ITEM 7.   FINANCIAL STATEMENTS, PRO FORMA FINANCIAL INFORMATION AND EXHIBITS.

     (A)-(B)  Historical and pro forma financial statements are not required
              and, therefore, not filed.

     (C)      EXHIBITS.

     99.1 Press Release dated November 5, 1997.

     99.2 Press Release dated November 6, 1997.


ITEM 9.   SALES OF EQUITY SECURITIES PURSUANT TO REGULATION S.

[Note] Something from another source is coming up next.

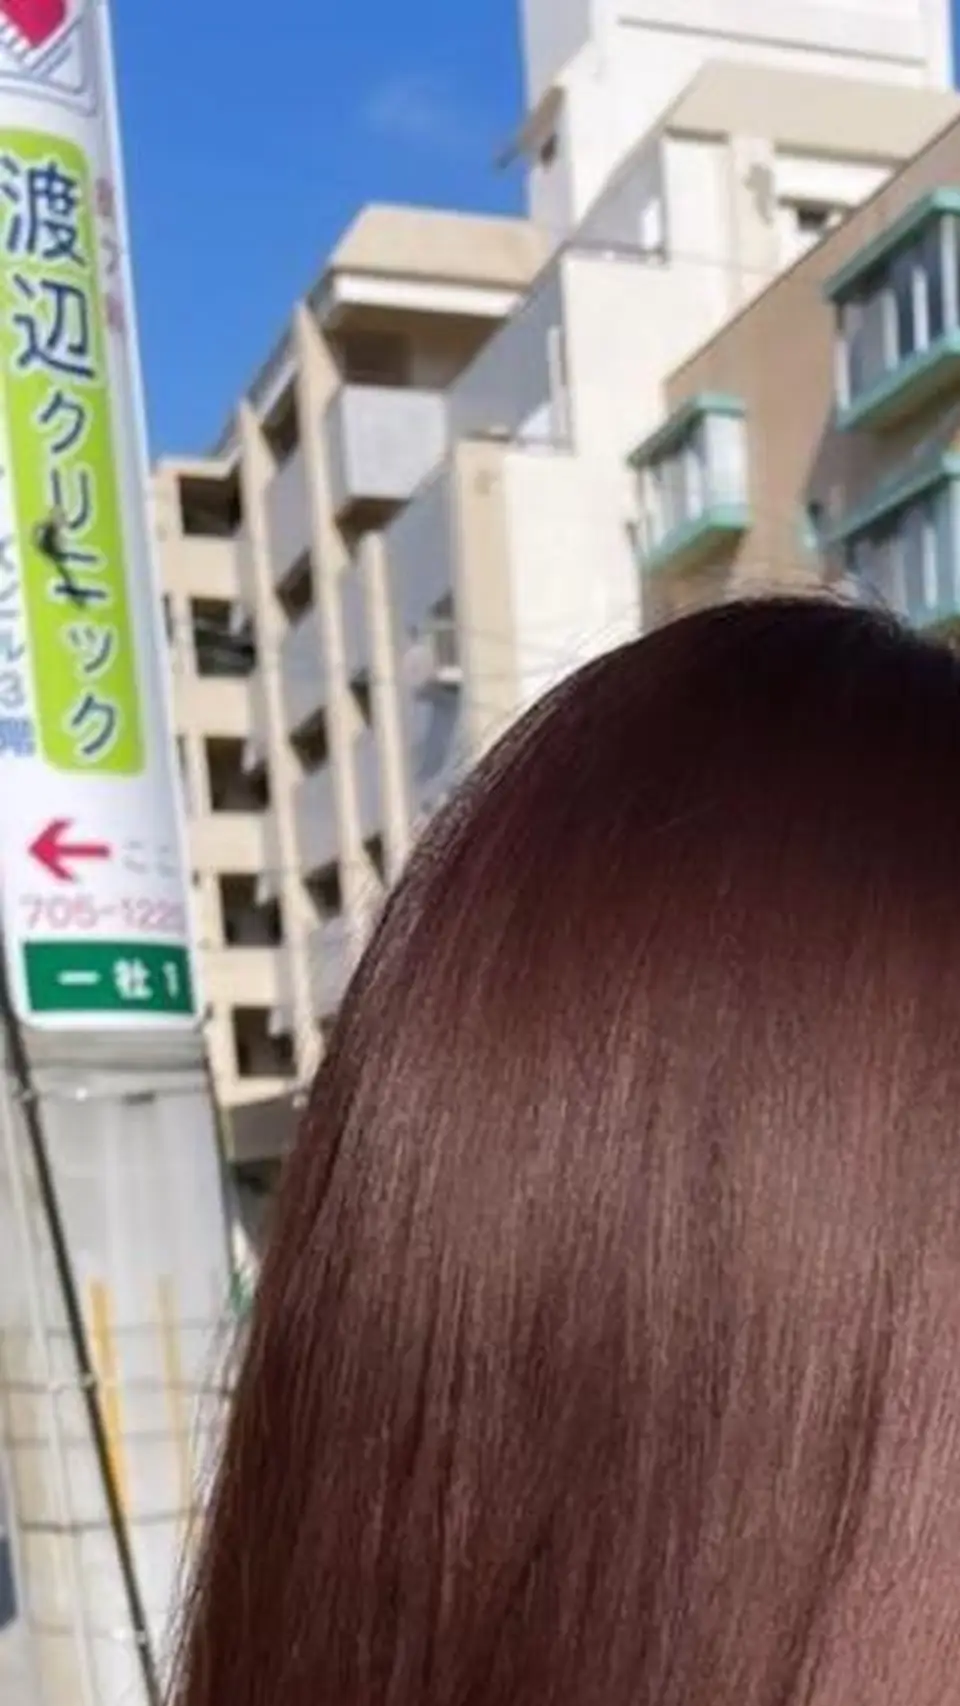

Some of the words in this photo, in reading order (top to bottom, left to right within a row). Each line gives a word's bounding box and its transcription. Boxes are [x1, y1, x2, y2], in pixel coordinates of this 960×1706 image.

[1, 154, 118, 756] 渡辺クリニック
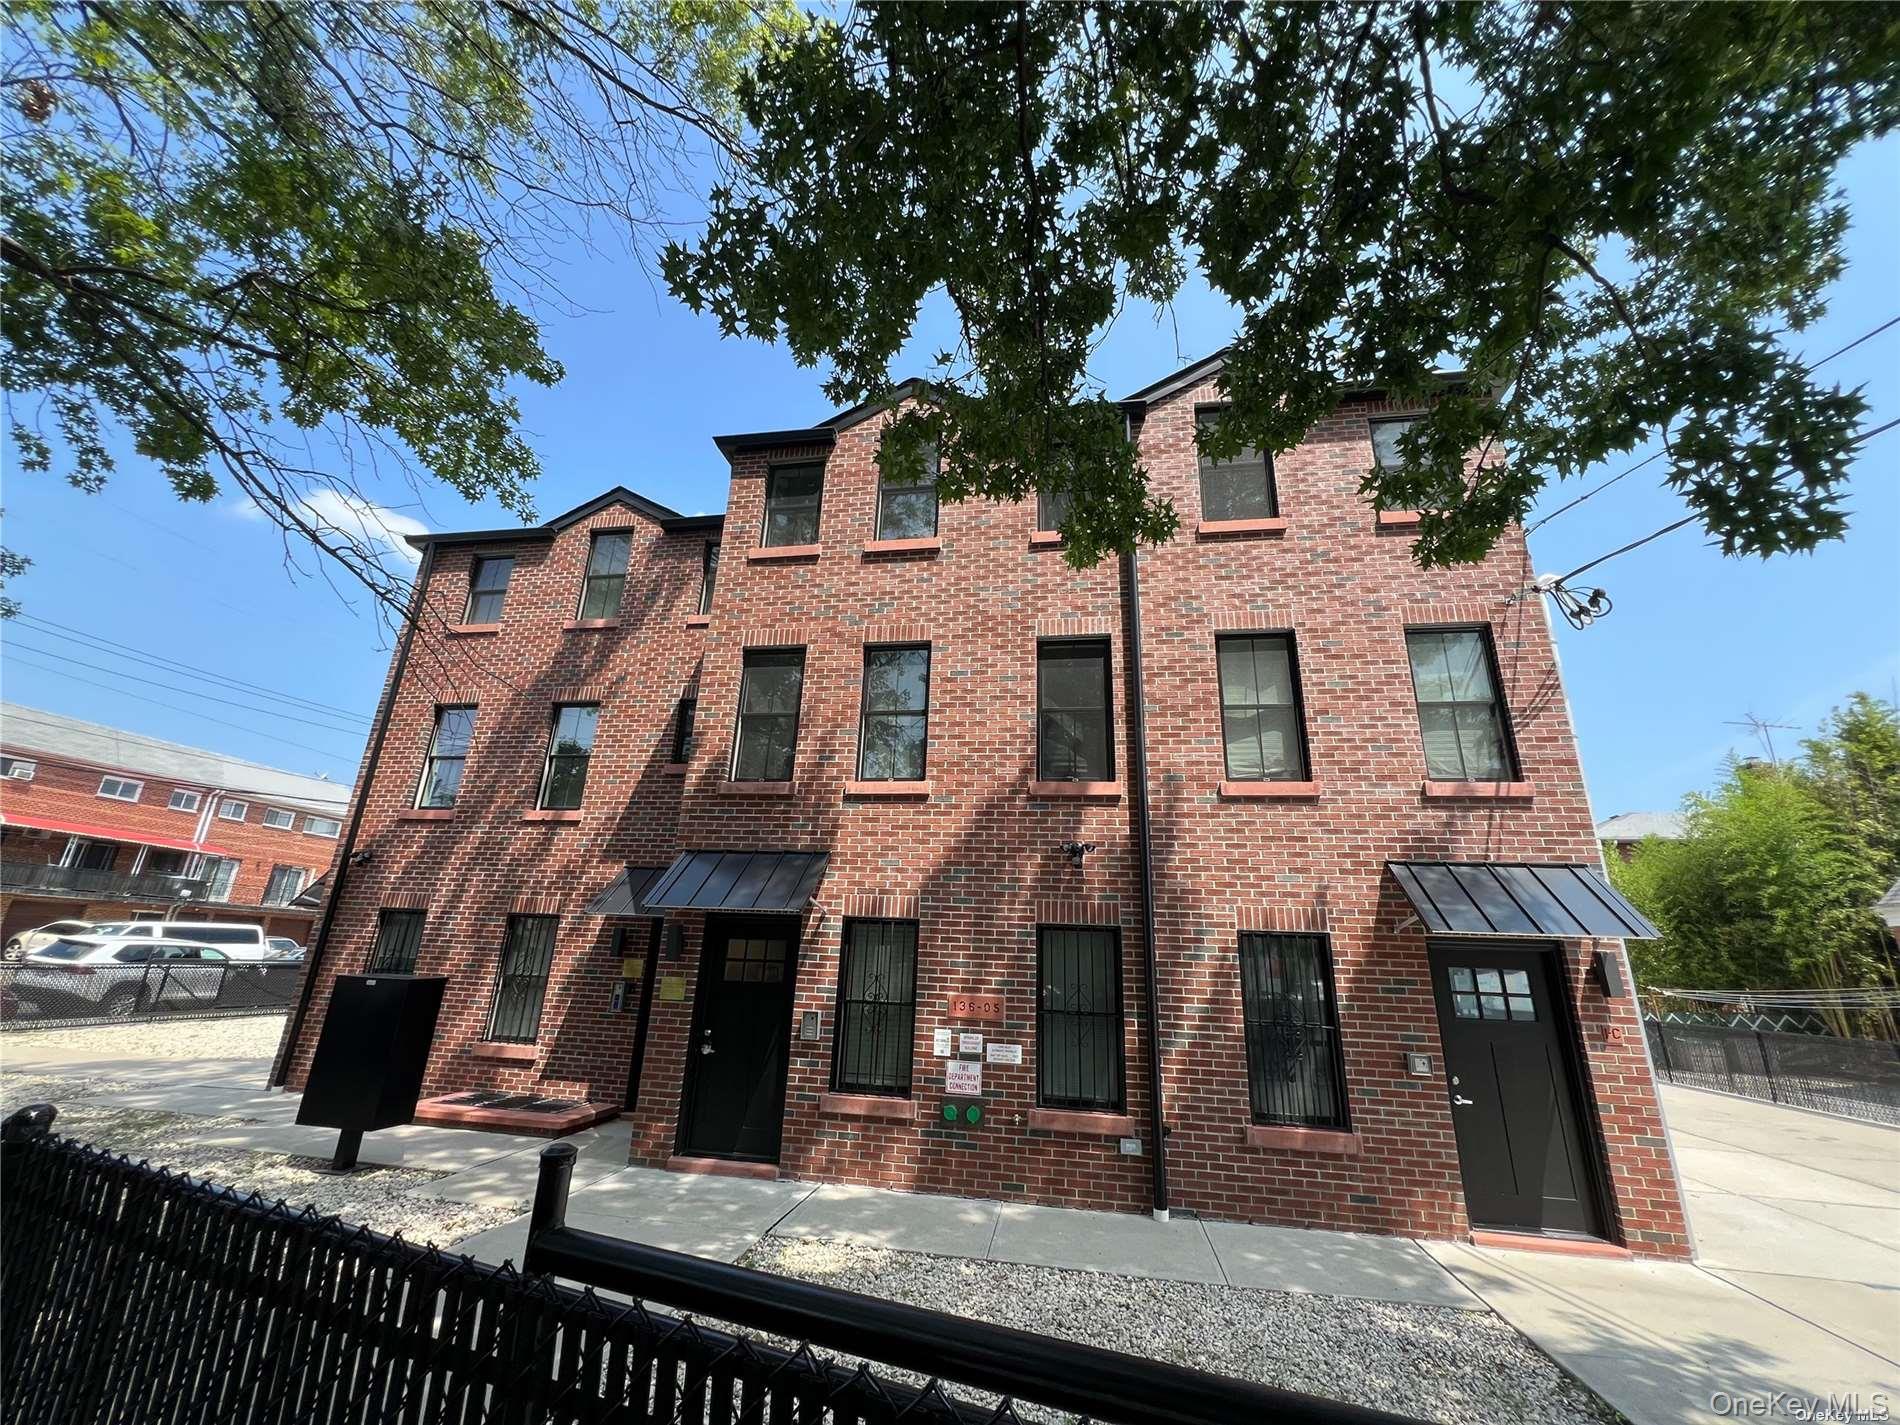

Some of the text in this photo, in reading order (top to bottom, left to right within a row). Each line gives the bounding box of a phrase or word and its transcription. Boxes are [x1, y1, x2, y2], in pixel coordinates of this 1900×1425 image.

     As stated above, pursuant to the terms of the IT Link Purchase Agreement,
the Vendors received an aggregate cash sum of approximately U.K.
(Pounds)10,950,000 (approximately U.S. $18,000,000), plus the right of all of
the Vendors except for Stafflink Temps Centre Limited to receive additional
consideration if and to the extent that IT Link achieves certain operating
results in the three-year period beginning on November 1, 1997 (the "Earn-Out").
The Earn-Out is payable by the Company in the form of either loan notes or
shares of the Company's Common Stock at the election of the applicable Vendors;
provided, however, that under no circumstances may the total amount of shares of
the Company's Common Stock issued to such Vendors exceed an amount of shares
that would require the Company to obtain any governmental or regulatory
approvals or approval by the Company's shareholders.

     Based upon certain representations and warranties made by the applicable
Vendors in the IT Link Purchase Agreement, the offer and subsequent issuance of
shares of the Company's Common Stock, if any, were and will be, in addition to
other applicable registration exemptions, made in reliance upon the exemption
set forth under Regulation S under the Securities Act of 1933, as amended,
pertaining to the issuance of securities outside of the United States to non-
U.S. persons.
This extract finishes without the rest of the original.